Carr, N.; Broom, D.M. CABI PDF


Elephants and Tourism

Jan Schmidt-Burbach*

World Animal Protection

*  Corresponding author: JanSchmidt-Burbach@worldanimalprotection.org


© CAB International 2018. Tourism and Animal Welfare (N. Carr and D.M. Broom)

Elephants and Tourism

Revered, celebrated, exploited, feared: the relationship between people and elephants has been diverse throughout history. Once present in large numbers in the wild, relentless destruction and fragmentation of their habitat, hunting and capture has led to a steep decline of wild elephant numbers. The fate of the endangered Asian elephant is especially worrying: there are approximately one-tenth the number of animals remaining in the wild compared to their African relative.
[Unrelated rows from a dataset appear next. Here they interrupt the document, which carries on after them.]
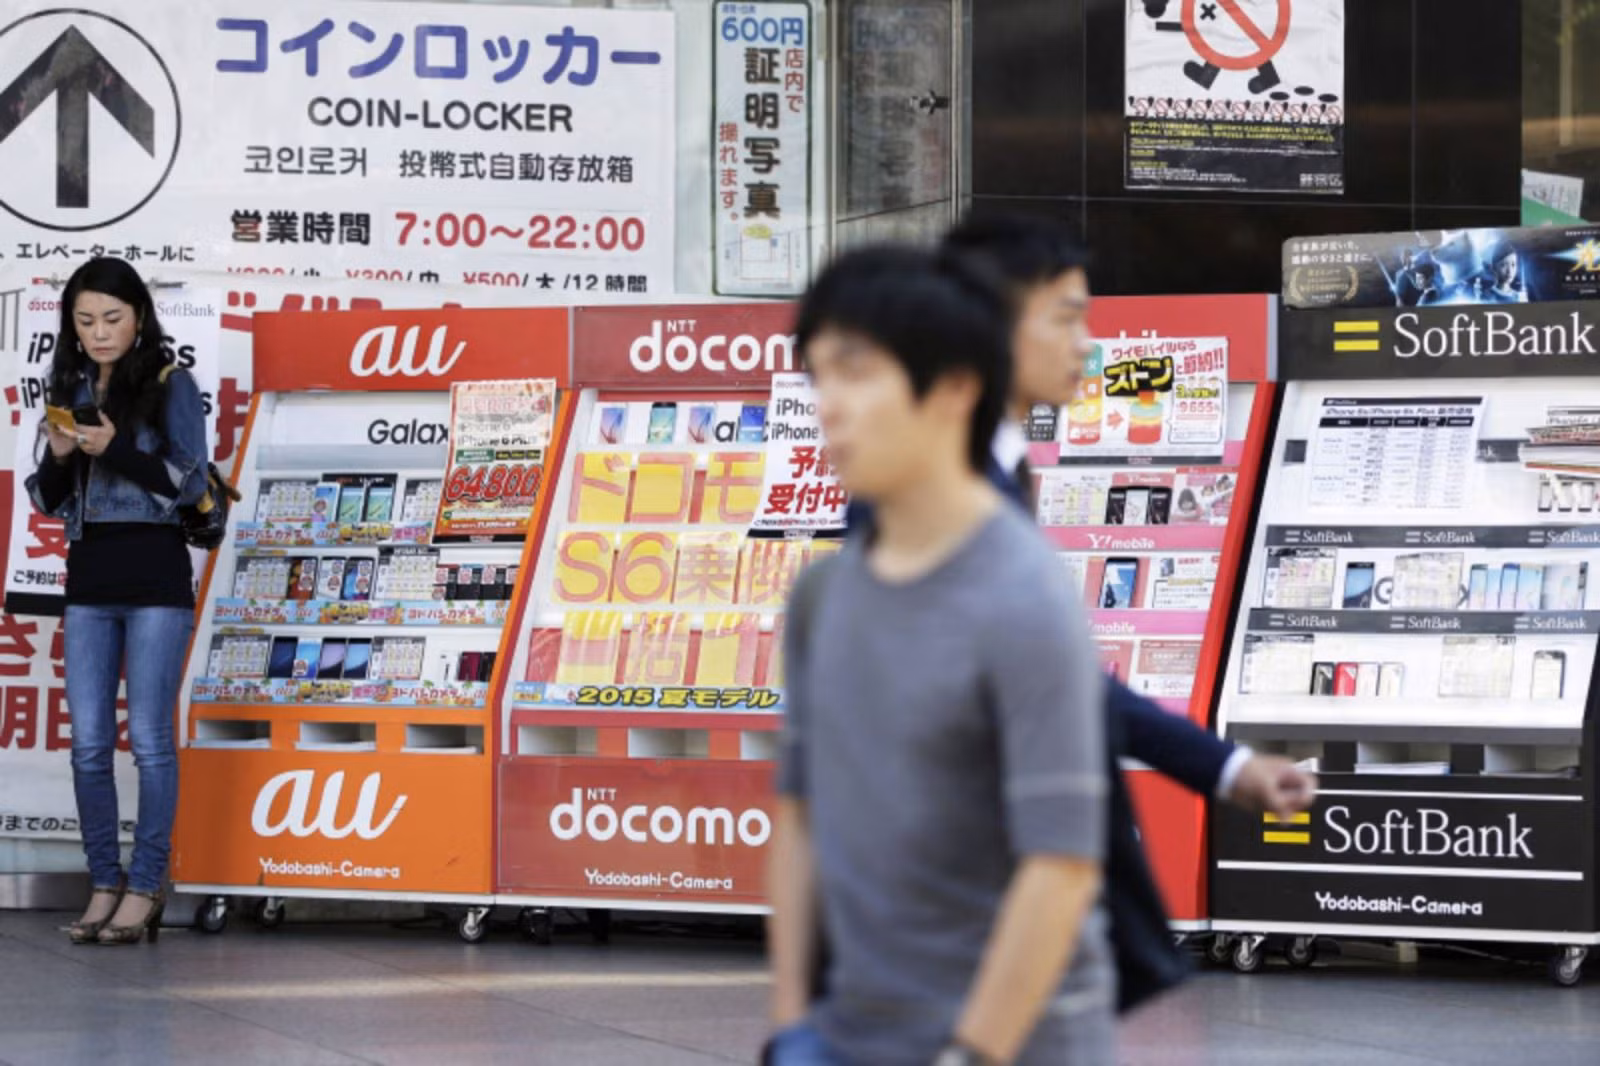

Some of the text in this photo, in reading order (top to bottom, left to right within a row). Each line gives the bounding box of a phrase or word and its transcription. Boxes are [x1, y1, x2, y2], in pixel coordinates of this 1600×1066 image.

[721, 16, 804, 45] 600円
[216, 18, 661, 86] コインロッカー
[785, 48, 804, 113] 店内で
[308, 96, 573, 132] COIN-LOCKER
[744, 47, 781, 219] 証明写真
[244, 145, 367, 177] 코인로커
[399, 150, 634, 184] 投幣式自動存放箱
[719, 122, 739, 220] 撮れます。
[231, 209, 371, 245] 営業時間
[157, 302, 215, 317] SoftBank
[666, 320, 697, 333] NTT
[349, 325, 467, 378] au
[629, 320, 796, 372] docom
[1393, 311, 1597, 358] SoftBank
[367, 418, 449, 445] Galax
[567, 451, 762, 525] ドコモ
[763, 481, 850, 515] 受付中
[1087, 533, 1155, 550] Y!mobile
[1302, 530, 1354, 544] SoftBank
[1422, 530, 1476, 544] SoftBank
[1286, 614, 1587, 630] SoftBank SoftBank SoftBank
[575, 685, 782, 709] 2015 夏モデル
[251, 770, 408, 840] au
[587, 788, 617, 800] NTT
[549, 787, 772, 847] docomo
[1323, 805, 1535, 858] SoftBank
[259, 857, 400, 879] Yodobashi-Camera
[584, 868, 734, 889] Yodobashi-Camera
[1315, 891, 1483, 915] Yodobashi-Camera
With the decline of the wild populations and the spread of industrialization throughout the elephant-range countries, the traditional uses for captive elephants have changed, too. As the largest land-based animal, elephants have always posed a special attraction to people. Elephants’ awe-inspiring stature and unrivalled strength inspired the development of practices to capture elephants for spiritual, religious and practical applications. Used to transport goods, participate in ceremonies, as war animals, as diplomatic gifts or for logging timber, they have been used to serve people for approximately 3000 years, with the earliest hints for capturing elephants dating back 4000 years (Kurt, 1992), approximately the same time that horses were first domesticated by people. Yet, unlike horses, elephants never underwent a domestication process (Roots, 2007).